[Source data]
__________________________________________________

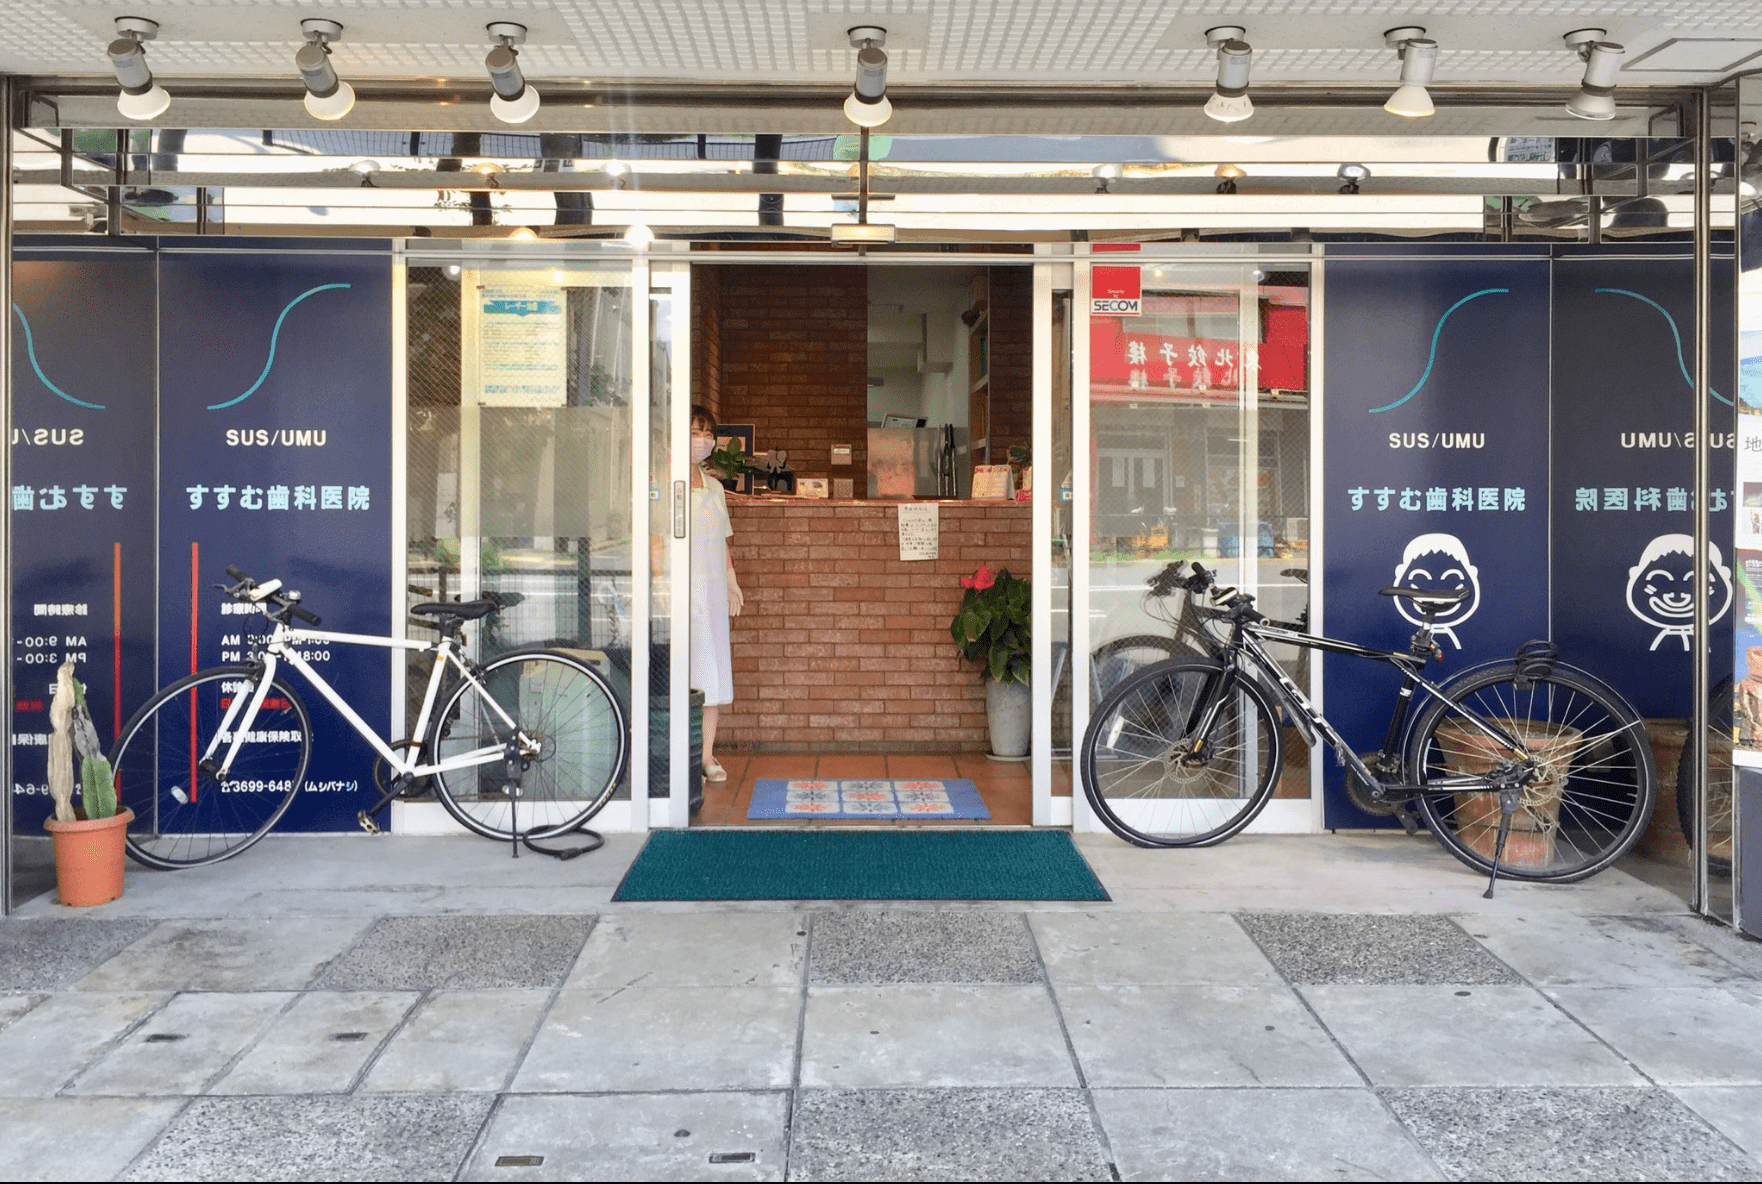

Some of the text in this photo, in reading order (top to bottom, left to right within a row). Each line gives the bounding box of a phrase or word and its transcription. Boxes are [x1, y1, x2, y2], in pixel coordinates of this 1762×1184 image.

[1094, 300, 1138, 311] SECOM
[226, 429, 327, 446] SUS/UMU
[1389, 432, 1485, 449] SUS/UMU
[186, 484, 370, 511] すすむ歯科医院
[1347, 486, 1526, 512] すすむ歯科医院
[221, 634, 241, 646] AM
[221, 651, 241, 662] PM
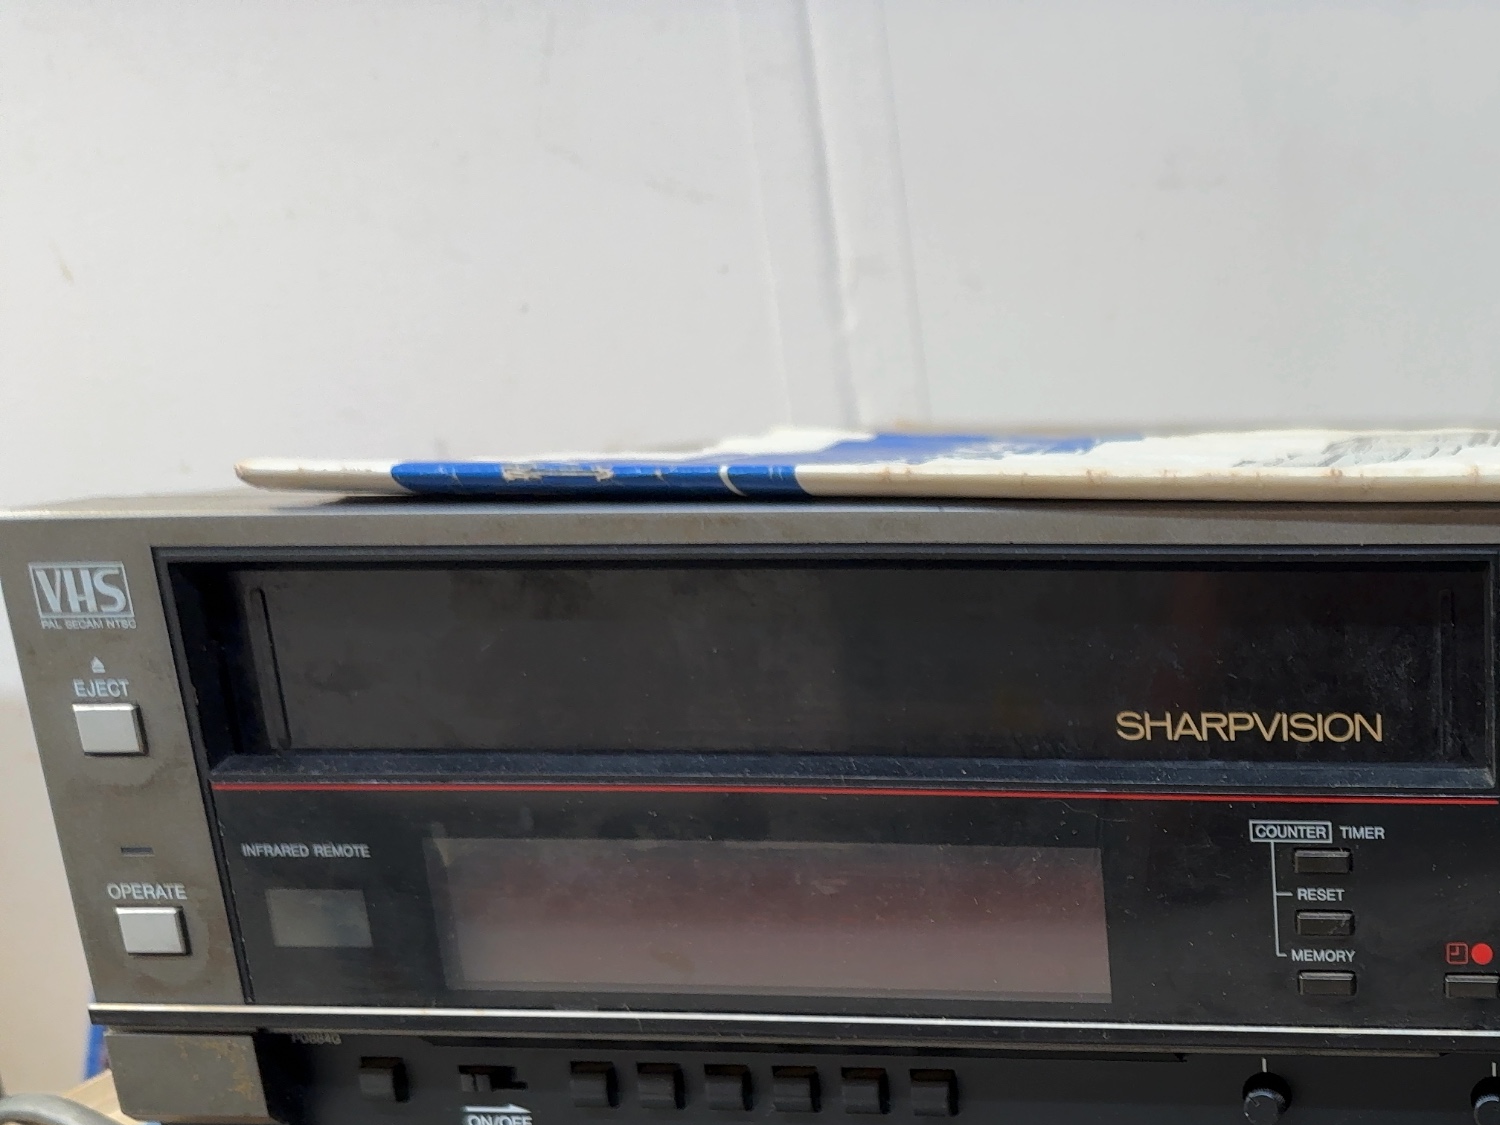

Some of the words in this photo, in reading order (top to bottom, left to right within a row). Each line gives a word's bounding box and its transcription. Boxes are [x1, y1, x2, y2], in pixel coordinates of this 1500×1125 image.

__________________________________________________

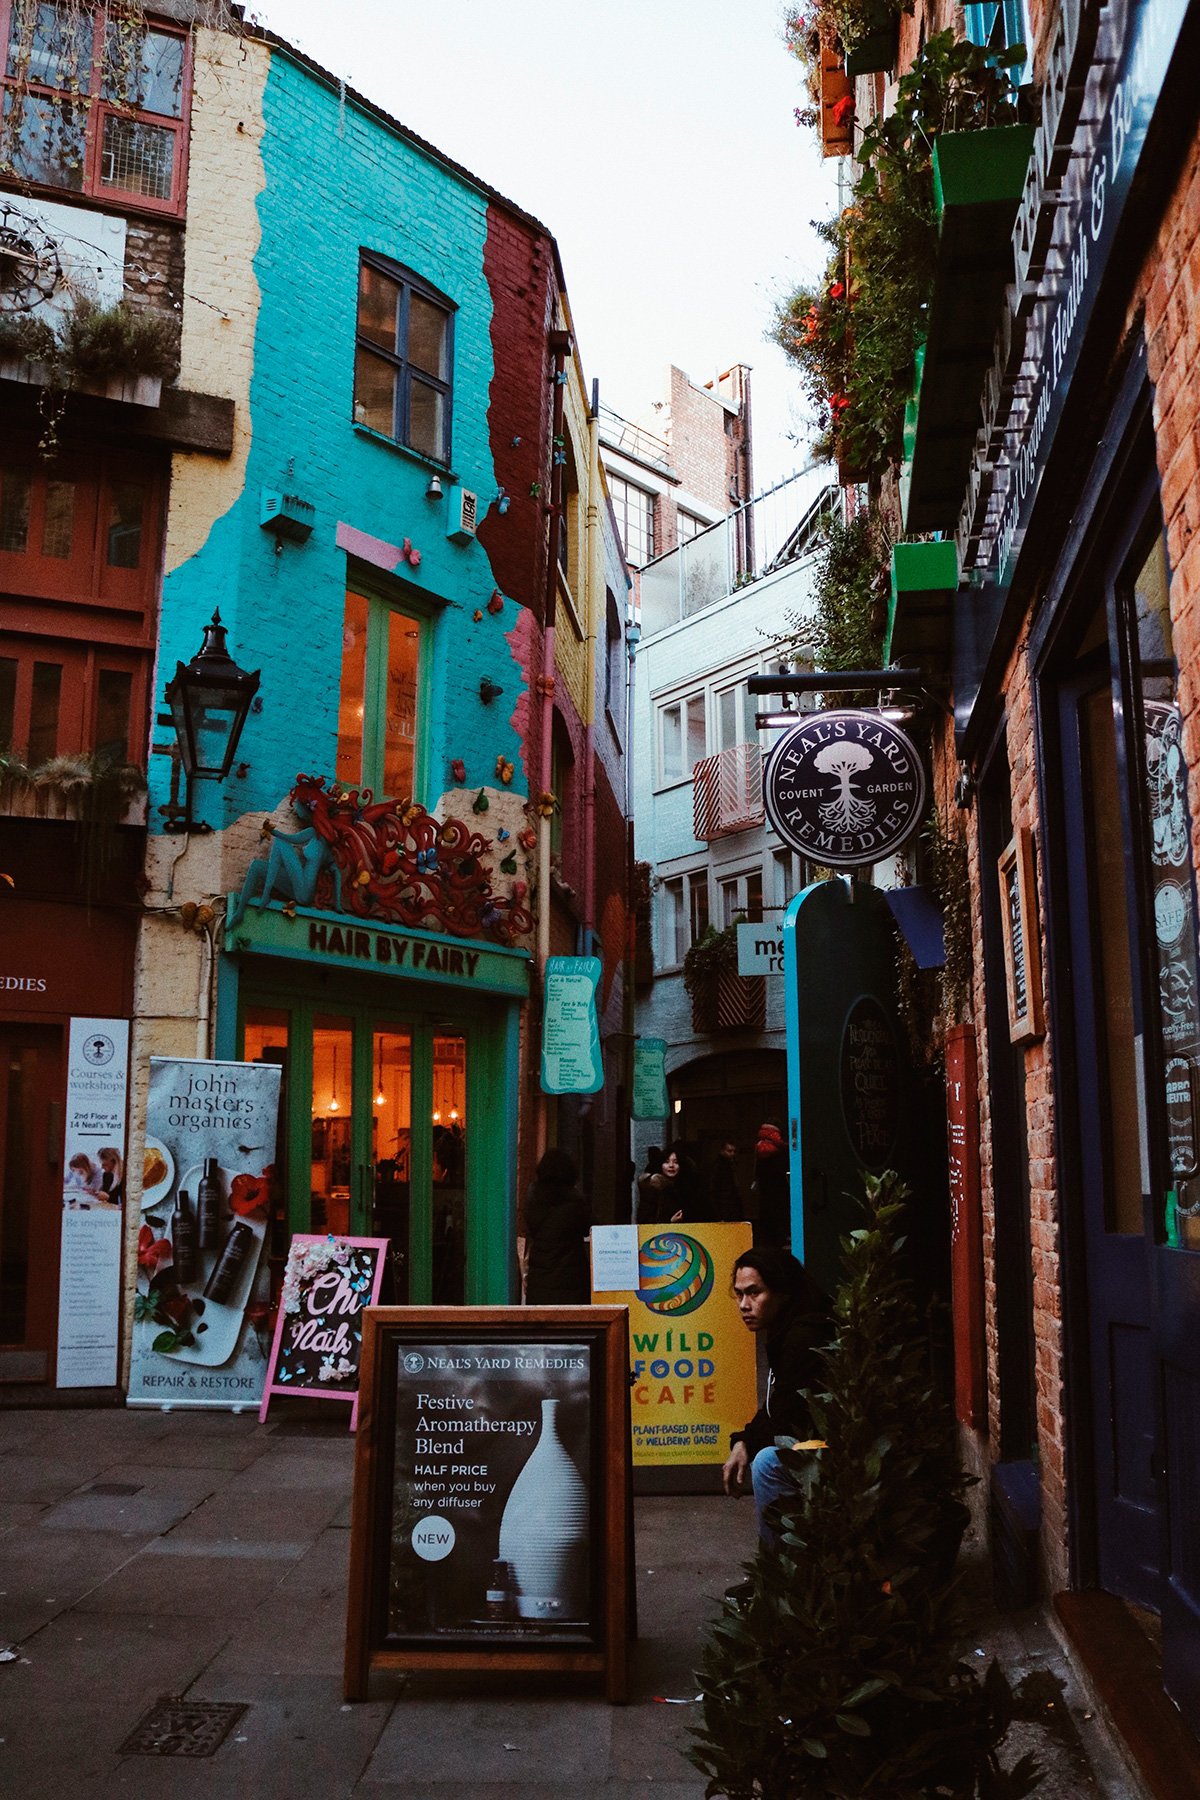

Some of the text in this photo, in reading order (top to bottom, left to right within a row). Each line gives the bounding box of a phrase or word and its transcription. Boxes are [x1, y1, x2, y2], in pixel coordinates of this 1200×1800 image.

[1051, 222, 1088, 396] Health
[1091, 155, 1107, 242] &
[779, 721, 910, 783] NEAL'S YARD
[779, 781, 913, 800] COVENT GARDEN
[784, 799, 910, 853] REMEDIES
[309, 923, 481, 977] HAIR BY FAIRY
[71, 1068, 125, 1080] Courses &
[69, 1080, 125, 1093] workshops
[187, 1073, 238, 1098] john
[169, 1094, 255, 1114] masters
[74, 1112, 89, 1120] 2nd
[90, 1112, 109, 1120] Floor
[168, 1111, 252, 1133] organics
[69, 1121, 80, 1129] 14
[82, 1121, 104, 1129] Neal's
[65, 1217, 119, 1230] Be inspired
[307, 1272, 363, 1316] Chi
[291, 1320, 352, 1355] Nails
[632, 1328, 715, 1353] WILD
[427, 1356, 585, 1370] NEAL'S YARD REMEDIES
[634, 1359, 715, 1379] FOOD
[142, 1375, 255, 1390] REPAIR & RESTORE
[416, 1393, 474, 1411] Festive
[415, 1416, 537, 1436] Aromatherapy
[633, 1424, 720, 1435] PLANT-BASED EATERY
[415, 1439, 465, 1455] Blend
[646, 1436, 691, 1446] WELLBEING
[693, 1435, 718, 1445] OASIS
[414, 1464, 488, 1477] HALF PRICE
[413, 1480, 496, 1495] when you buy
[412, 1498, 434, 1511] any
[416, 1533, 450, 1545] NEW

__________________________________________________

--- PROBLEM DETAILS ---
Reproduce the lines above starting at the one with "this 1762×1184 image." and ending at the one with "Some of the words", both included, exactly and with no pictures.

--- RESULT OF THIS EXERCISE ---
Some of the text in this photo, in reading order (top to bottom, left to right within a row). Each line gives the bounding box of a phrase or word and its transcription. Boxes are [x1, y1, x2, y2], in pixel coordinates of this 1762×1184 image.

[1094, 300, 1138, 311] SECOM
[226, 429, 327, 446] SUS/UMU
[1389, 432, 1485, 449] SUS/UMU
[186, 484, 370, 511] すすむ歯科医院
[1347, 486, 1526, 512] すすむ歯科医院
[221, 634, 241, 646] AM
[221, 651, 241, 662] PM

Some of the words in this photo, in reading order (top to bottom, left to right within a row). Each line gives a word's bounding box and its transcription. Boxes are [x1, y1, x2, y2], in pixel coordinates of this 1500×1125 image.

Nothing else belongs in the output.